AIM OF THE EXERCISE ▸
Every record below, from first to last: print it exactly as shown.

++++ GIVEN ENTRIES ++++

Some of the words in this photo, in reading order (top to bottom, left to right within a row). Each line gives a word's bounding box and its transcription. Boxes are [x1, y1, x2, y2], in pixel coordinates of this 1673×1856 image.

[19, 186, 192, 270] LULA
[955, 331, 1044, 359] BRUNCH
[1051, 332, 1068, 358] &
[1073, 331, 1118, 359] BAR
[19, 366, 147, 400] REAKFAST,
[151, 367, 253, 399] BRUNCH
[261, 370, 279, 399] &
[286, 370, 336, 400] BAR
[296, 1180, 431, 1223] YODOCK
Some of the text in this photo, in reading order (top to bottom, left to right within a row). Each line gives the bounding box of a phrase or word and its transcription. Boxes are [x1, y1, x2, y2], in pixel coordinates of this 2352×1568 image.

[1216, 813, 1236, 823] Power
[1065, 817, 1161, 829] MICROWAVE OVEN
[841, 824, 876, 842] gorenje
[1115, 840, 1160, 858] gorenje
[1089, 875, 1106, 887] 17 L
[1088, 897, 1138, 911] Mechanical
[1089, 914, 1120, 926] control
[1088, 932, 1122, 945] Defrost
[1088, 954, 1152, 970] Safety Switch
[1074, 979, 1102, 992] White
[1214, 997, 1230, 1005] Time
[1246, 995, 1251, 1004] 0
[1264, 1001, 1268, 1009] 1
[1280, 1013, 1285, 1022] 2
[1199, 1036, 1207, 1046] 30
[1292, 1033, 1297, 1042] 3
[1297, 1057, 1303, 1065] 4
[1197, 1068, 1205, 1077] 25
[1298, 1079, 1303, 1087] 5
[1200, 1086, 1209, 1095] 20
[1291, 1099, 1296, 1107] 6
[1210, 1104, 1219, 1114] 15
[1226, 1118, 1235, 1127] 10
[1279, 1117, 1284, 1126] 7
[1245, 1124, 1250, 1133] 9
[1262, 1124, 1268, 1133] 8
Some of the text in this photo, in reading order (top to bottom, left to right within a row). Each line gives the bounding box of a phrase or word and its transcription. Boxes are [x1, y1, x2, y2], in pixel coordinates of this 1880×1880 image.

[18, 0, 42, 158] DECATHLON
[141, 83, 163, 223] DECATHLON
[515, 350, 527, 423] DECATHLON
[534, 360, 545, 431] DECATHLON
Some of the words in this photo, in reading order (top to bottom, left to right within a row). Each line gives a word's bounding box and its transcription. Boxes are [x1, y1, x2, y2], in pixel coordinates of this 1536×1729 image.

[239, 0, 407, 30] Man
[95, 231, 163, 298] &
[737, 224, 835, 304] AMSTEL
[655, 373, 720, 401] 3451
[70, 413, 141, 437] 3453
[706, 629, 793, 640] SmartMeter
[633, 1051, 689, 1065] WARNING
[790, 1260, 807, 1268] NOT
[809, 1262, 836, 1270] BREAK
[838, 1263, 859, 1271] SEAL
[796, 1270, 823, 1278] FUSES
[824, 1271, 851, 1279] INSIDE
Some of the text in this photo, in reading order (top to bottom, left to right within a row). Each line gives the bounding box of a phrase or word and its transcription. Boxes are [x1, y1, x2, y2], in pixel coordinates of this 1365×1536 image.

++++

RESPONSE TO THE EXERCISE ▸
Some of the words in this photo, in reading order (top to bottom, left to right within a row). Each line gives a word's bounding box and its transcription. Boxes are [x1, y1, x2, y2], in pixel coordinates of this 1673×1856 image.

[19, 186, 192, 270] LULA
[955, 331, 1044, 359] BRUNCH
[1051, 332, 1068, 358] &
[1073, 331, 1118, 359] BAR
[19, 366, 147, 400] REAKFAST,
[151, 367, 253, 399] BRUNCH
[261, 370, 279, 399] &
[286, 370, 336, 400] BAR
[296, 1180, 431, 1223] YODOCK
Some of the text in this photo, in reading order (top to bottom, left to right within a row). Each line gives the bounding box of a phrase or word and its transcription. Boxes are [x1, y1, x2, y2], in pixel coordinates of this 2352×1568 image.

[1216, 813, 1236, 823] Power
[1065, 817, 1161, 829] MICROWAVE OVEN
[841, 824, 876, 842] gorenje
[1115, 840, 1160, 858] gorenje
[1089, 875, 1106, 887] 17 L
[1088, 897, 1138, 911] Mechanical
[1089, 914, 1120, 926] control
[1088, 932, 1122, 945] Defrost
[1088, 954, 1152, 970] Safety Switch
[1074, 979, 1102, 992] White
[1214, 997, 1230, 1005] Time
[1246, 995, 1251, 1004] 0
[1264, 1001, 1268, 1009] 1
[1280, 1013, 1285, 1022] 2
[1199, 1036, 1207, 1046] 30
[1292, 1033, 1297, 1042] 3
[1297, 1057, 1303, 1065] 4
[1197, 1068, 1205, 1077] 25
[1298, 1079, 1303, 1087] 5
[1200, 1086, 1209, 1095] 20
[1291, 1099, 1296, 1107] 6
[1210, 1104, 1219, 1114] 15
[1226, 1118, 1235, 1127] 10
[1279, 1117, 1284, 1126] 7
[1245, 1124, 1250, 1133] 9
[1262, 1124, 1268, 1133] 8
Some of the text in this photo, in reading order (top to bottom, left to right within a row). Each line gives the bounding box of a phrase or word and its transcription. Boxes are [x1, y1, x2, y2], in pixel coordinates of this 1880×1880 image.

[18, 0, 42, 158] DECATHLON
[141, 83, 163, 223] DECATHLON
[515, 350, 527, 423] DECATHLON
[534, 360, 545, 431] DECATHLON
Some of the words in this photo, in reading order (top to bottom, left to right within a row). Each line gives a word's bounding box and its transcription. Boxes are [x1, y1, x2, y2], in pixel coordinates of this 1536×1729 image.

[239, 0, 407, 30] Man
[95, 231, 163, 298] &
[737, 224, 835, 304] AMSTEL
[655, 373, 720, 401] 3451
[70, 413, 141, 437] 3453
[706, 629, 793, 640] SmartMeter
[633, 1051, 689, 1065] WARNING
[790, 1260, 807, 1268] NOT
[809, 1262, 836, 1270] BREAK
[838, 1263, 859, 1271] SEAL
[796, 1270, 823, 1278] FUSES
[824, 1271, 851, 1279] INSIDE
Some of the text in this photo, in reading order (top to bottom, left to right within a row). Each line gives the bounding box of a phrase or word and its transcription. Boxes are [x1, y1, x2, y2], in pixel coordinates of this 1365×1536 image.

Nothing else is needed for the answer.